Additional Information

The root cause is that TE spec fuses layernorm into the subsequent linear layer (TELayerNormColumnParallelLinear), storing the norm weight as .layer_norm_weight on the linear module instead of as .weight on a standalone norm module. The export walker checks isinstance(layer.input_layernorm, IdentityOp) and skips it, but never looks for the fused weight on the linear module. This fix bridges that gap with a zero-overhead proxy.

Summary by CodeRabbit

Bug Fixes
- Improved export support for transformer and MTP models with fused layer normalization components, ensuring proper tensor mapping and export compatibility.

coderabbitai · 2026-02-10T19:17:17Z

Important

Review skipped

Auto incremental reviews are disabled on this repository.

Please check the settings in the CodeRabbit UI or the .coderabbit.yaml file in this repository. To trigger a single review, invoke the @coderabbitai review command.

You can disable this status message by setting the reviews.review_status to false in the CodeRabbit configuration file.

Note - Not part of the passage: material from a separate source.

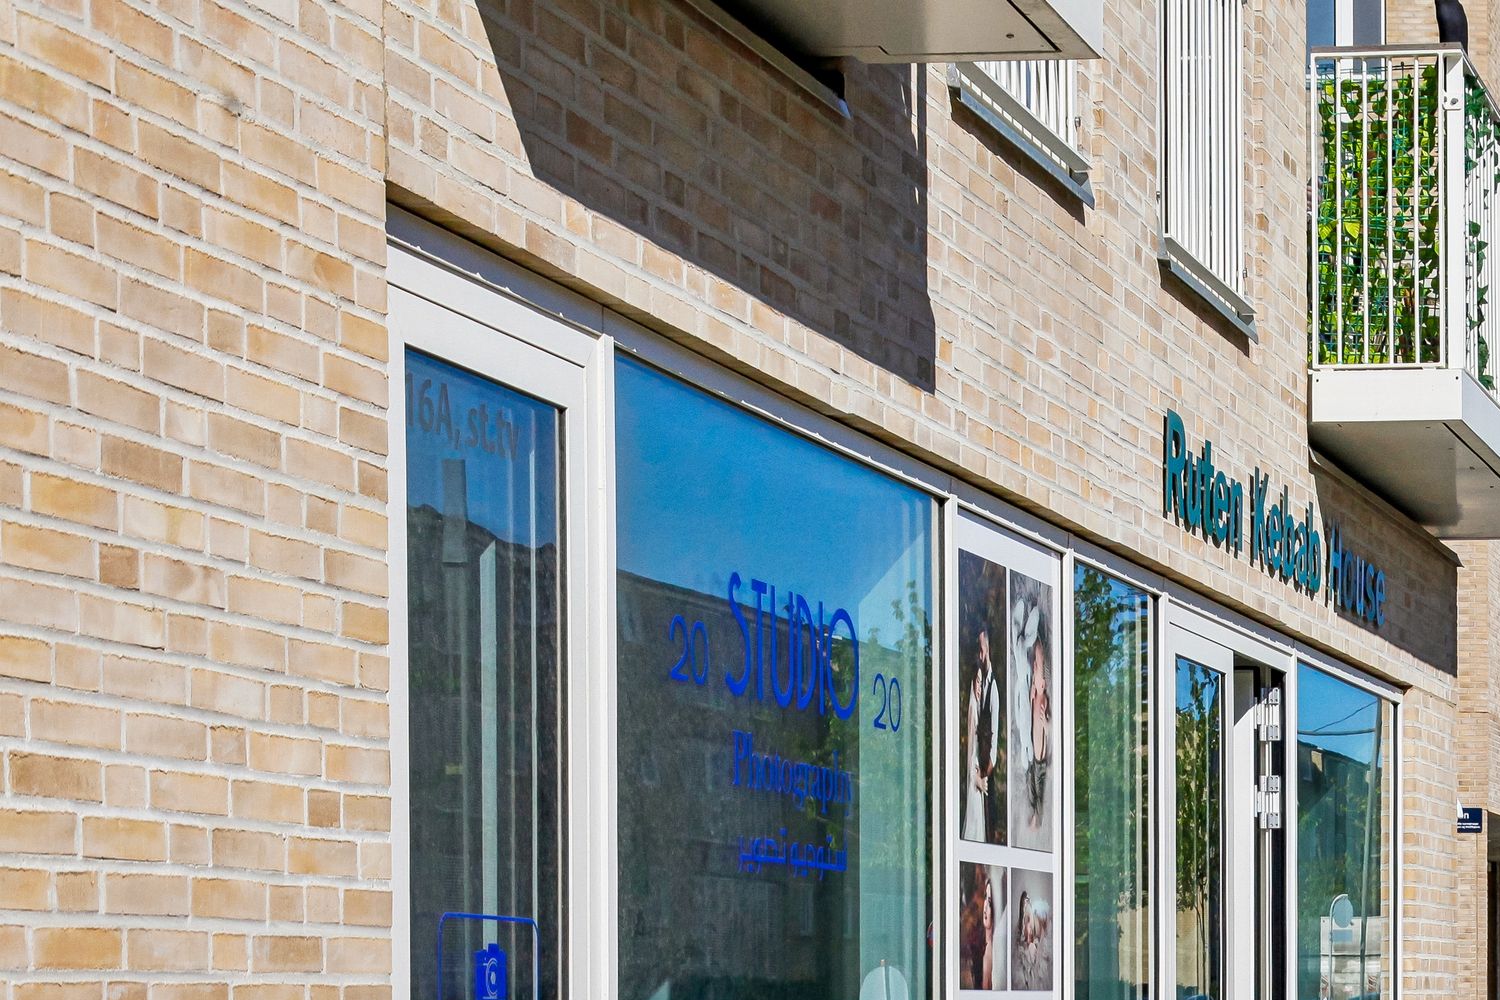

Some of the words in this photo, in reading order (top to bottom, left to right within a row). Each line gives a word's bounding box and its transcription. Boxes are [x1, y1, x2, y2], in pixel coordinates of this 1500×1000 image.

Use the checkbox below for a quick retry:

🔍 Trigger review

📝 Walkthrough

Walkthrough

This change adds an internal proxy class to support exporting fused layernorm weights in Tensor Engine (TE)-based transformer models. The proxy exposes fused layernorm weights correctly during state-dict export by wrapping TE modules, handling fusion across input, pre-MLP, and Mamba mixer layers without modifying public APIs.

Changes

Cohort / File(s)	Summary
Fused Layernorm Export Support `modelopt/torch/export/unified_export_megatron.py`	Added `_FusedLayerNormProxy` internal class to expose fused layernorm weights from TE modules. Extended `_get_transformer_layer_state_dict` and `_get_mamba_layer_state_dict` functions to detect and wrap fused layernorms (input, pre-MLP, and mixer norms) with the proxy for proper export mapping.

Estimated code review effort

🎯 2 (Simple) | ⏱️ ~10 minutes

🚥 Pre-merge checks | ✅ 2 | ❌ 1

❌ Failed checks (1 warning)

Check name	Status	Explanation	Resolution
Docstring Coverage	⚠️ Warning	Docstring coverage is 0.00% which is insufficient. The required threshold is 80.00%.	Write docstrings for the functions missing them to satisfy the coverage threshold.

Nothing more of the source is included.